Greffier lors du prononcé : Henry SARIA, Greffier.
JUGEMENT
prononcé en premier ressort, par décision contradictoire et mise à disposition au greffe du tribunal conformément à l’avis donné à l’issue de l’audience puis à l’avis de prorogation donné le 10 Septembre 2025.
EXPOSE DU LITIGE ET [V] LA PROCEDURE
Le 21 janvier 2002, [I] [N] a souscrit auprès de la société Prepar-Vie, par l’intermédiaire de la société BRED Banque Populaire, un bon de capitalisation au porteur n°30075 d’un montant de 76 962 euros pour une durée de 8 ans.
Le [Date décès 8] 2017, [I] [N] est décédée laissant pour lui succéder sa fille Mme [T] [R] épouse [M], instituée légataire universelle par testament du 24 janvier 1977.
Le 15 juin 2017, Me [X], notaire à [Localité 11], en charge de la succession d'[I] [N], a écrit à la société Prepar-Vie pour lui demander si le bon de capitalisation revêtait une valeur.
Par courrier du 22 juin 2017, la société Prepar-Vie lui a répondu positivement et lui a précisé qu’il convenait de lui fournir, afin d’en obtenir le paiement, l’original du bon rayé avec la mention « annulé ».

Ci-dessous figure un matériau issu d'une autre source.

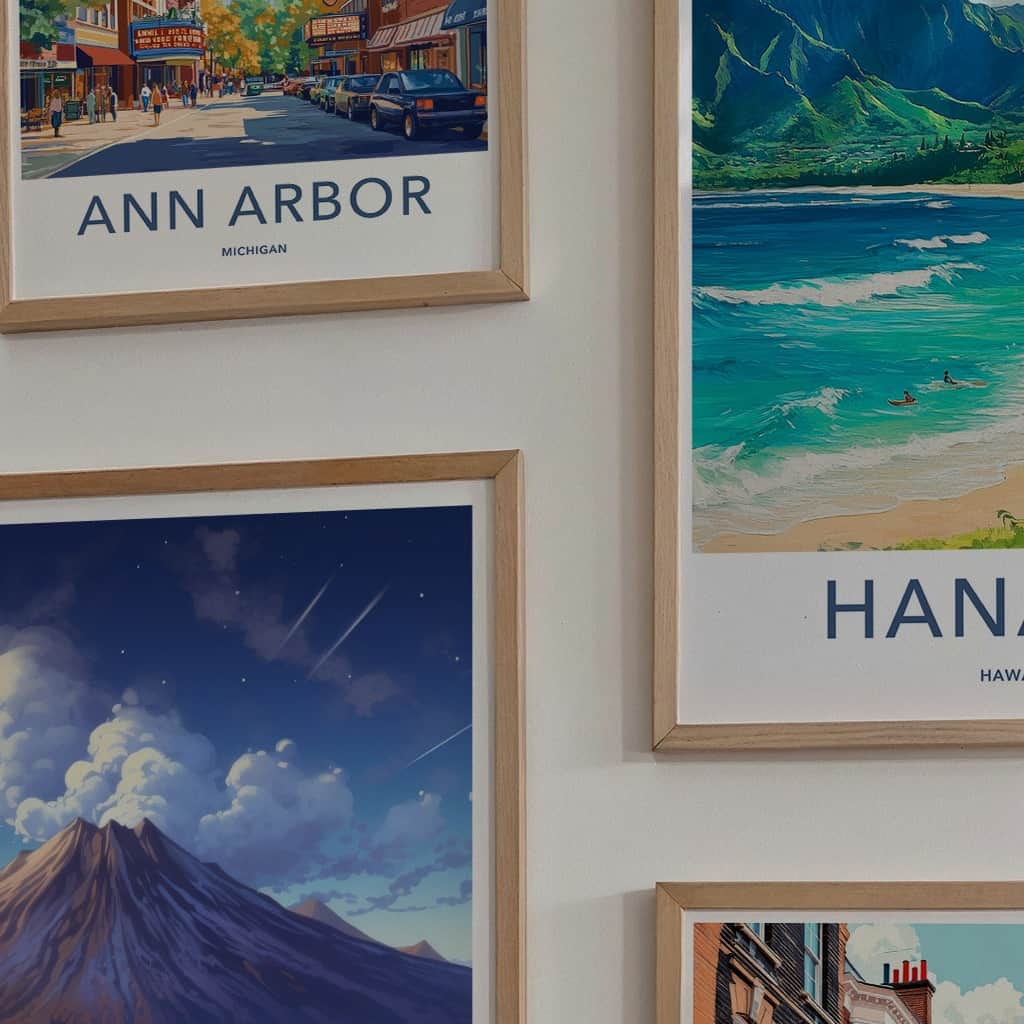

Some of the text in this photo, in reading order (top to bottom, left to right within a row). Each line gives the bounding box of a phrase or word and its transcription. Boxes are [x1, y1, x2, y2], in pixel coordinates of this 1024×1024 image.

Par courrier du 17 novembre 2017, la société Prepar-Vie a indiqué à Me [X] qu’elle n’avait jamais reçu l’original du bon de capitalisation qui lui aurait été adressé par un courrier du 25 juillet 2017 et qu’entre temps, l’original du bon avait été présenté en vue du paiement par un tiers.
Compte tenu de la revendication de ce bon par ce tiers, M. [F] [B], et par Mme [T] [M], la société Prepar-Vie a bloqué le paiement au titre du bon de capitalisation.
Par actes de commissaire de justice en date du 13 novembre 2023, Mme [T] [M] a fait assigner la société Prepar-Vie, la SCP [X] – de Vilmorin et ses assureurs les sociétés MMA Iard et MMA Iard Assurances Mutuelles, devant le tribunal judiciaire de Nanterre.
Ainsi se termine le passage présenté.